She tribbles again, and vanishes out of my hands.
Sweet. Let no one ever claim a multipurpose Swiss Army kitten is ever silly.
My skin tingles on contact with the giant key. It’s kinda like licking the contacts of a nine-volt battery, only my hand instead of my tongue. I’d call it weird, but it’s kinda ordinary compared to a teleporting cat. After recovering my purse and slinging it over my shoulder, I grab my phone. Hate to say it, but the parents have to wait.
I dial Asher’s number, but it doesn’t even ring. The heck? No signal. But text messages had been dinging in for the maybe half hour I spent sitting in the cage. Only… no. Not text messages. The dings came from network drop warnings and reconnect notifications. Basements, even giant ones like this, shouldn’t cut off cell signal. Gotta be magic.
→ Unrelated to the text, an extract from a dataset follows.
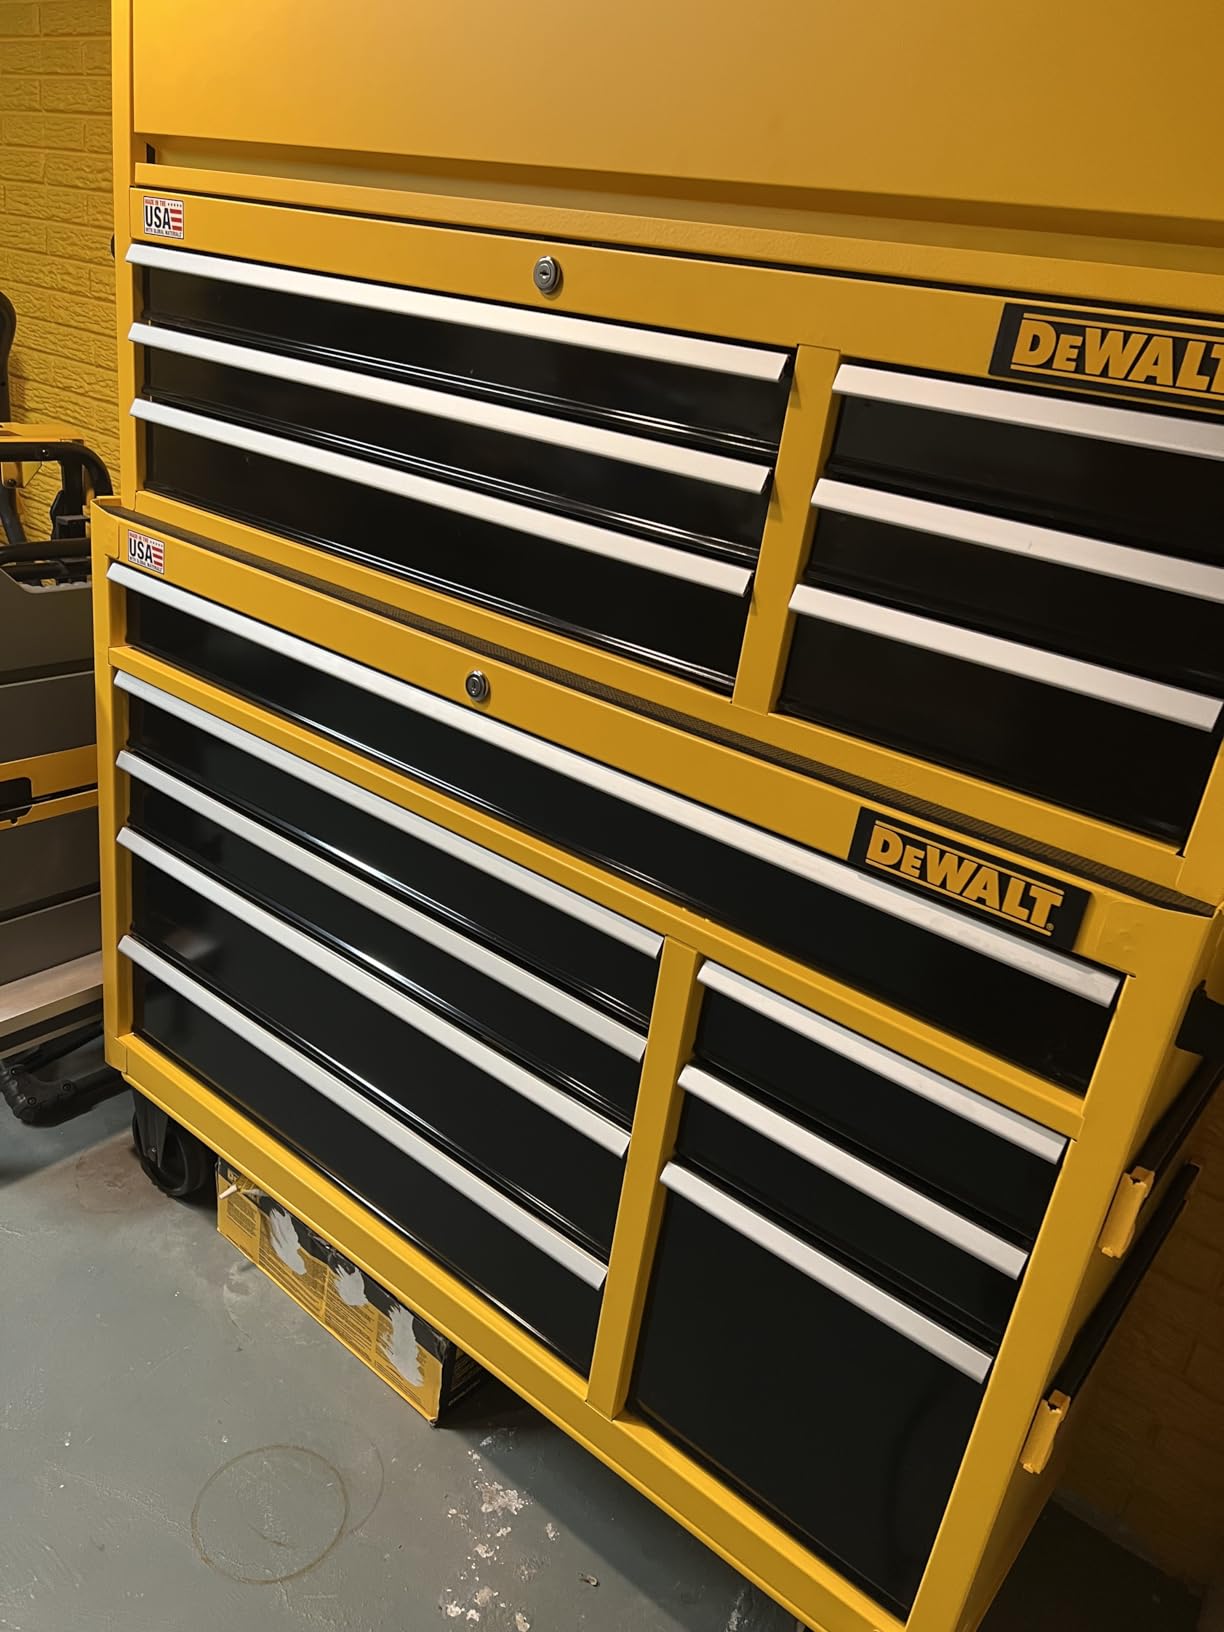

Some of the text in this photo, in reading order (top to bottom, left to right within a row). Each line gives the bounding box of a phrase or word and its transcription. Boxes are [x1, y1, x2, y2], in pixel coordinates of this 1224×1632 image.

Okay, whatever. Would have been nice to have some backup for our escape, but it’s not an option. Neither is staying here. As much as I really want to grab Katy and Jacob and smack their heads together, getting away is more important. Hey, if the ordinary non-vampire non-magic-using twelve-year-old from the Victorian books can bring down an international jewel-smuggling operation and two corrupt members of Parliament, I should be able to escape a manor house unnoticed with my sister while offline.
Or so I hope.
22
The Difference of Night and Day
Jacob and Katy certainly seemed like a pair of villains from a kid’s movie.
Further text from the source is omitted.